El viaje mítico I
Cada vez hay menos religión en nuestras vidas, pero seguimos habitando un mundo mítico. La cultura moderna es un espejo astillado en el que se reflejan caóticamente pequeñas imágenes y fragmentos de un grandioso pasado, que así se nos revela deformemente. Los mitos nunca nos han abandonado. Librados desde su nacimiento a una constante metamorfosis, ahora la sufren con la velocidad y el extremismo que le imprimen las diversas industrias culturales. Y no solo estas. La Mitsubichi bautizó su última camioneta “Tritón”. En este caso es una empresa de comercio –japonesa, además– la que mete su mano en la profunda y tumultuosa bolsa de la cultura clásica, que es tanto como decir “occidental”. Pero no hay nadie que no lo haga. En Wikipedia, debajo de los artículos de mitología aparece a veces una lista de sus usos contemporáneos. Puede ser inacabable. En el Señor de los Anillos, Gandalf dice que no puede dejar pendiendo sobre el hobbit Frodo (que lleva el anillo del mal) esta “espada de Damocles”. Y de esta guisa…

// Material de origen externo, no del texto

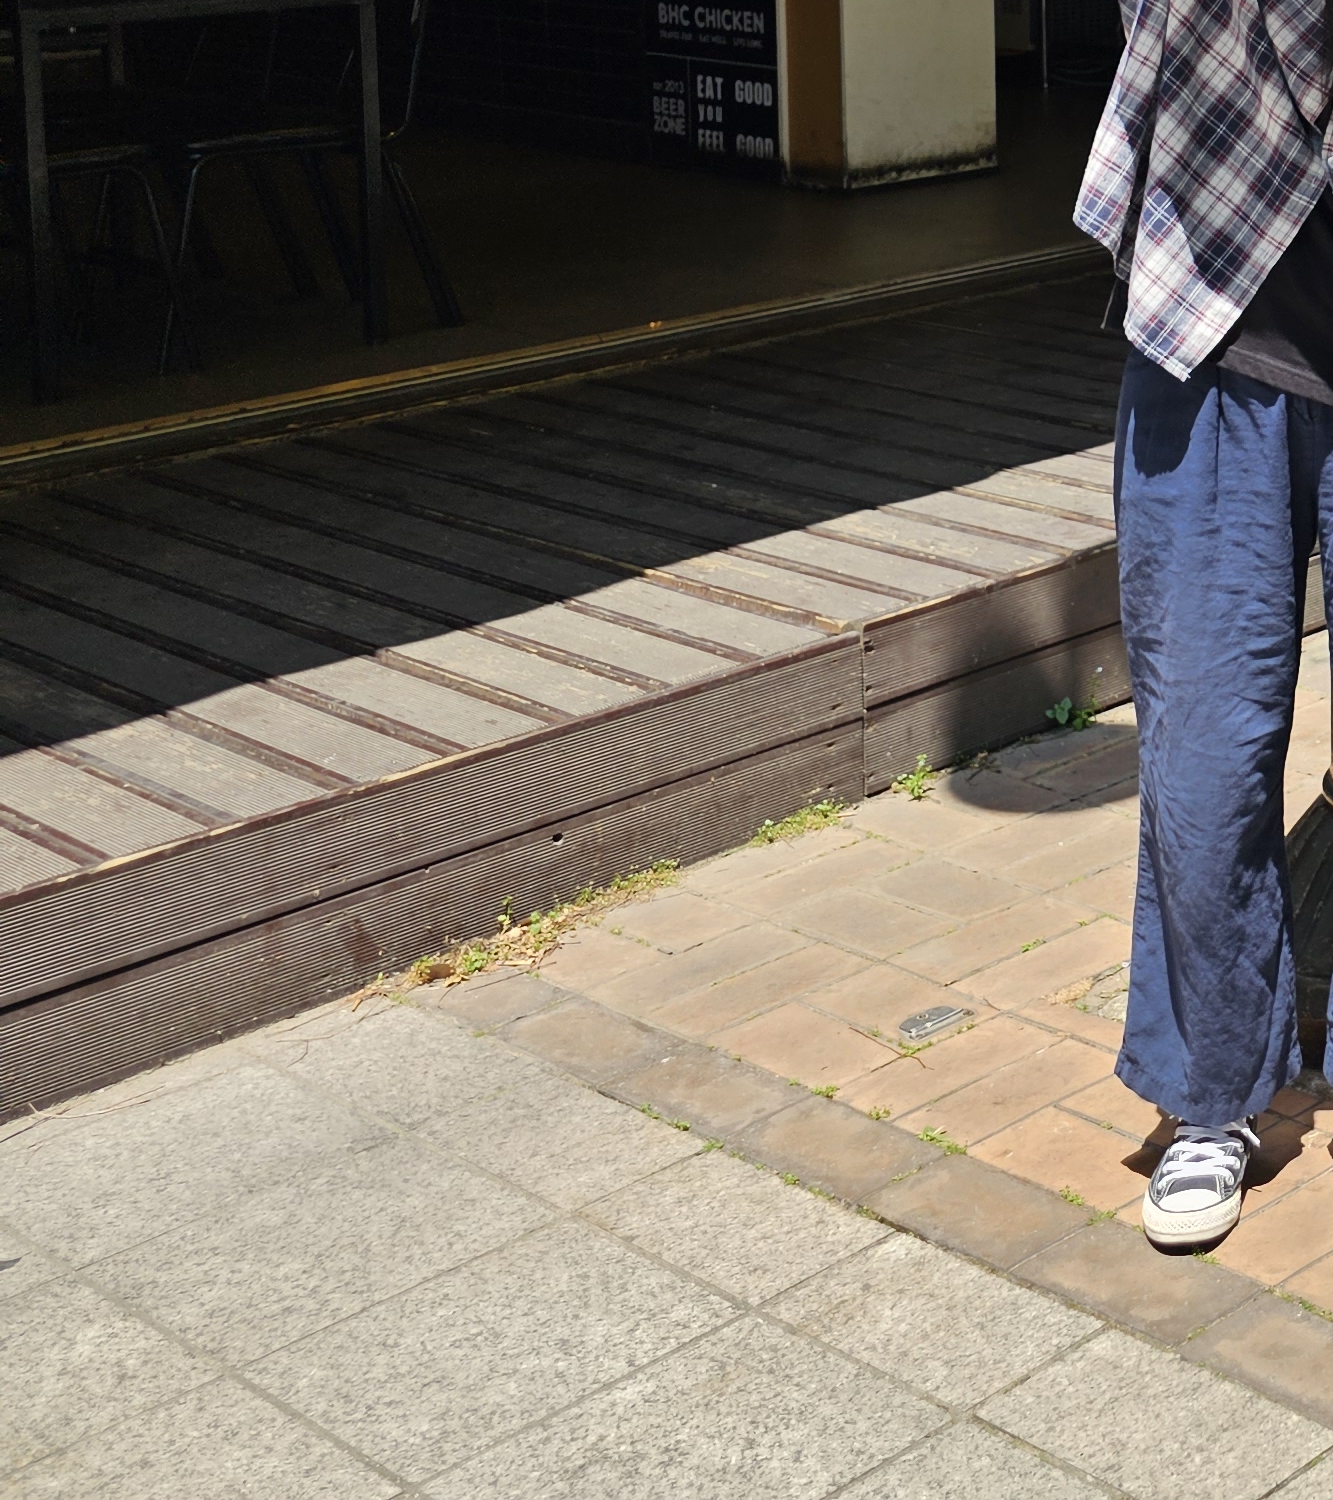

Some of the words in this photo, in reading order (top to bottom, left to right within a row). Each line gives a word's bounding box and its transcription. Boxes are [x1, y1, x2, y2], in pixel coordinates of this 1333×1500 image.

[657, 2, 690, 27] BHC
[694, 5, 765, 34] CHICKEN
[696, 74, 723, 100] EAT
[734, 79, 773, 107] GOOD
[652, 95, 686, 117] BEER
[698, 103, 723, 123] YOU
[653, 114, 687, 136] ZONE
[735, 133, 774, 160] GOOD
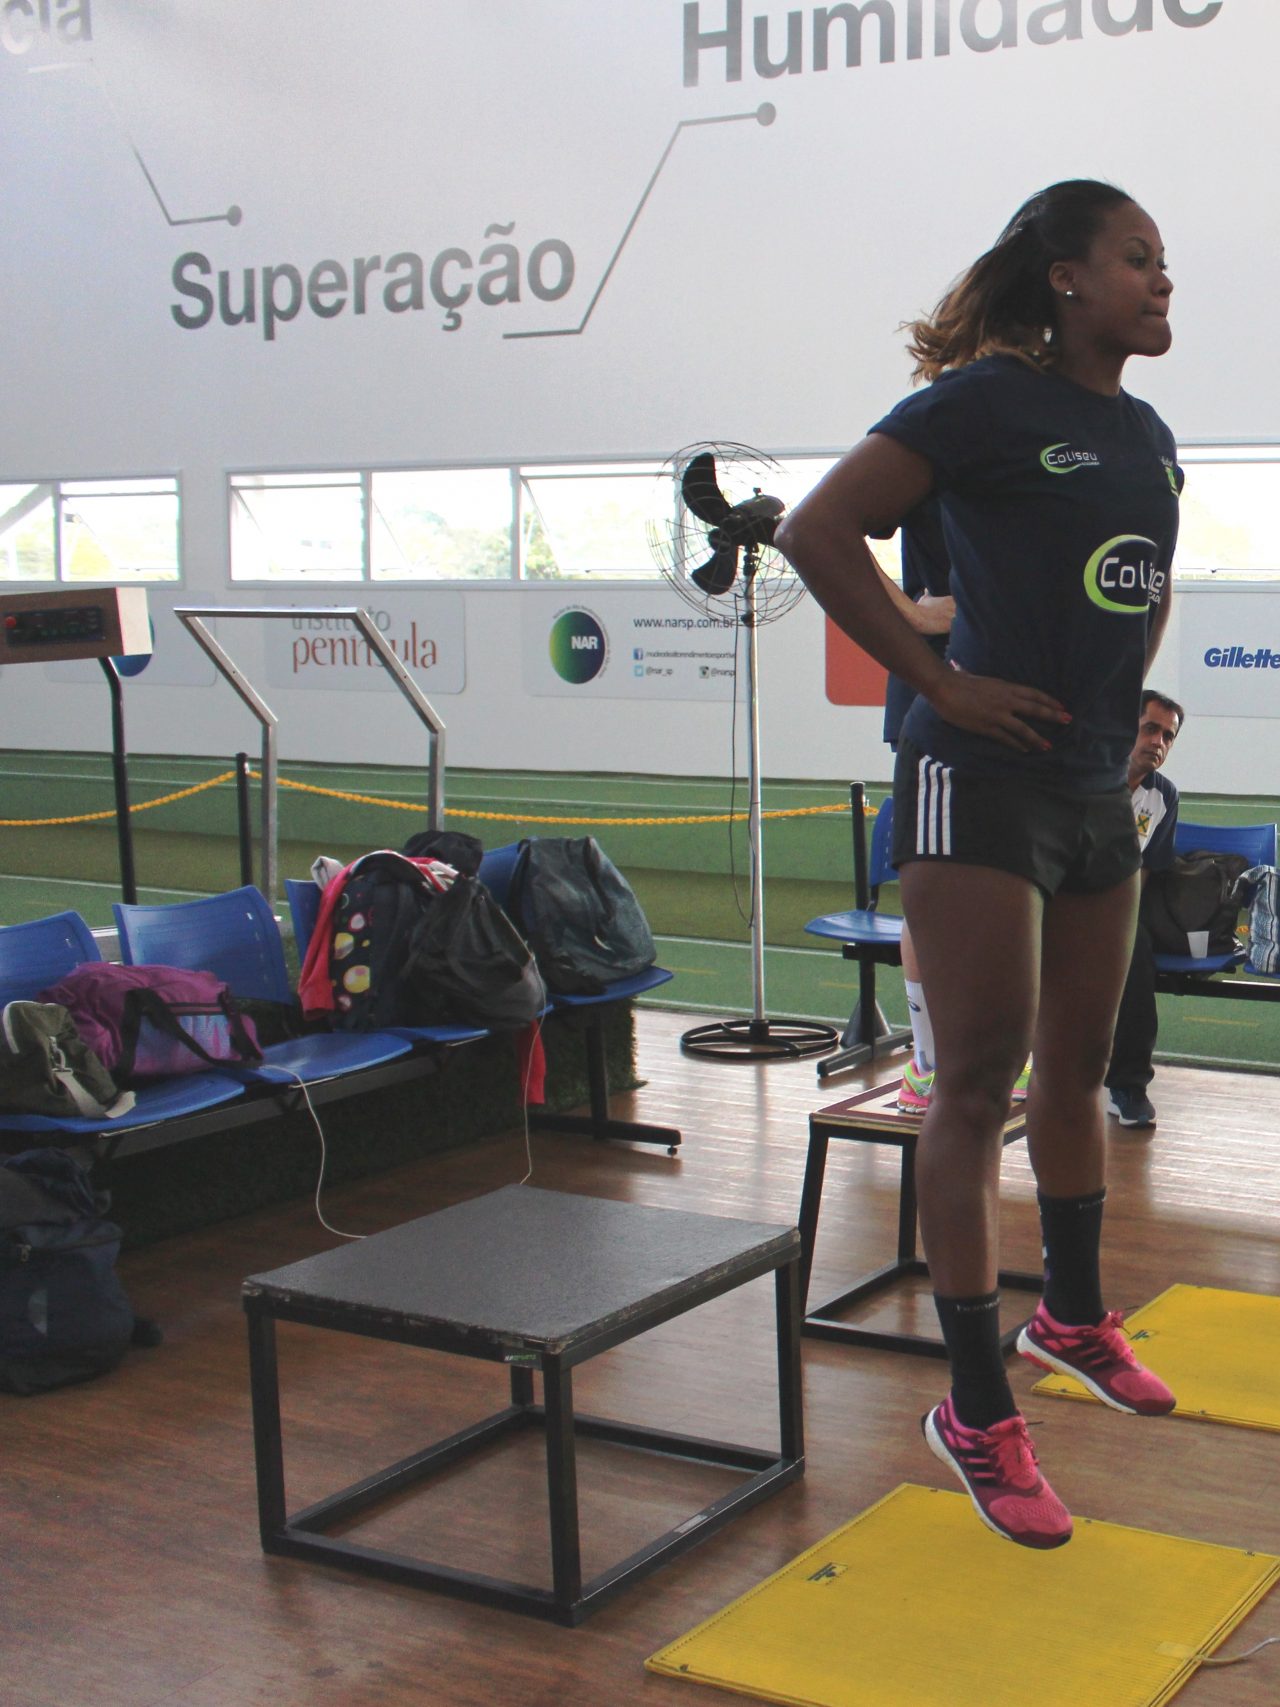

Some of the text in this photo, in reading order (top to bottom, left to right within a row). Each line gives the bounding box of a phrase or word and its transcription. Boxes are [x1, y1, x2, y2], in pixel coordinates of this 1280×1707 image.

[170, 222, 576, 341] Superação
[1046, 451, 1098, 465] Coliseu
[633, 618, 734, 630] www.narsp.com.br
[293, 622, 437, 674] peninula
[571, 635, 598, 650] NAR
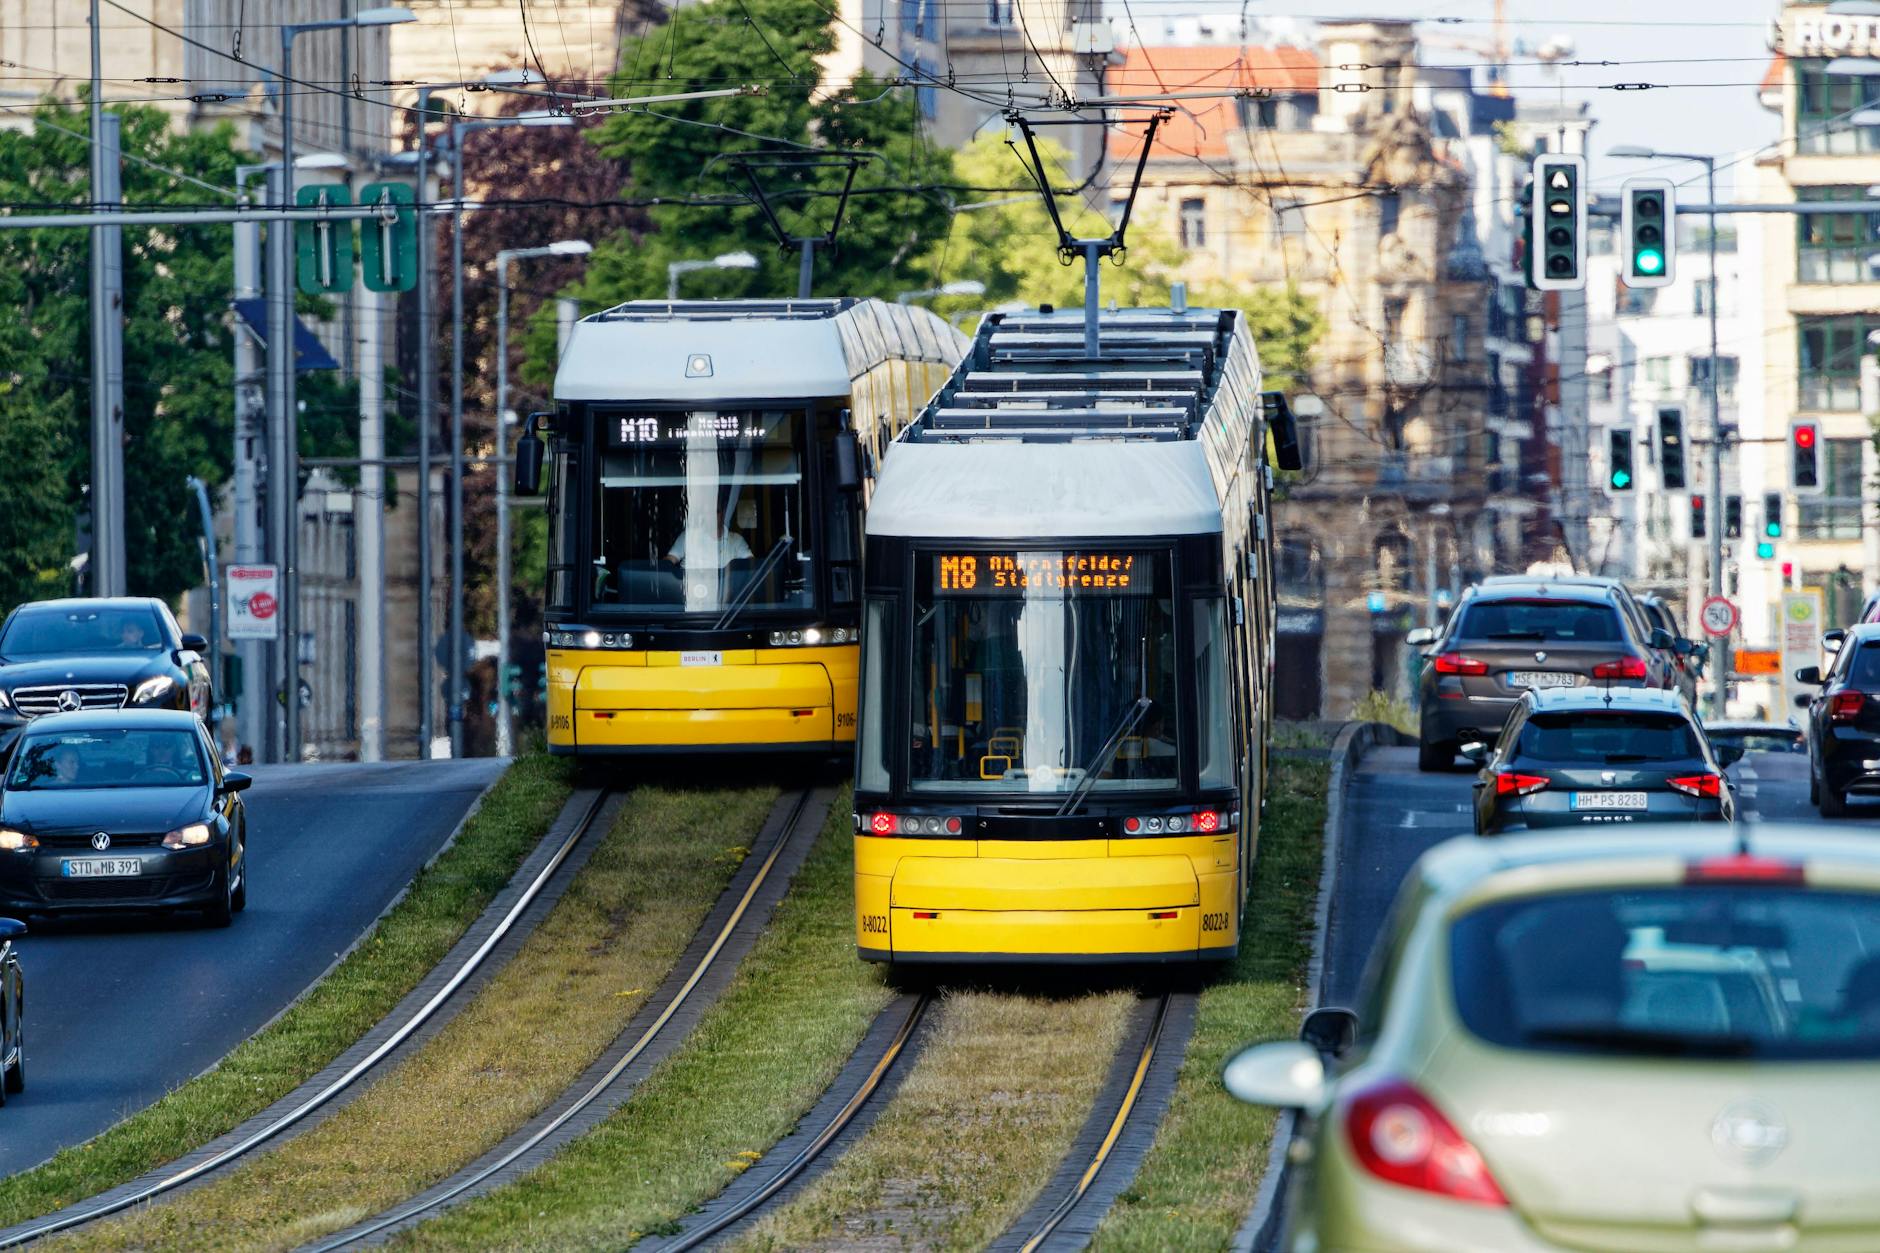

A los griegos les hubiera parecido natural que los astrónomos siguieran aprovechando los mitos en dimensión cosmológica. Tampoco les habría extrañado que las cosmogonías de otras culturas, por ejemplo las de los pueblos precolombinos, hubieran llegado a nosotros a través del tamiz de la suya. Lo que sabemos de Inti, Mama Ocllo o Tunupa lo sabemos por las observaciones y los cuentos de unos hombres que pensaban en Hércules como hoy los adolescentes en el Hombre Araña. A propósito, el creador del Hombre Araña, Stan Lee, recibió hace poco su propia estrella en el Paseo de la Fama. Lee se hizo famoso por darle a los superhéroes de cómic, que ya existían antes de él, una naturaleza griega, que para la ocasión los periodistas tradujeron como “humana”. Hércules, hijo de Zeus y la mortal Alcmena, nació con súper fuerza pero, por lo mismo, condenado a penar: su súper fuerza (comparable con la de Dientes de Sable, de los X-Men) venía acompañada de la iracundia (ídem) y lo llevó a cometer un crimen horrendo: mató a sus propios hijos. Condena: 12 trabajos gloriosos.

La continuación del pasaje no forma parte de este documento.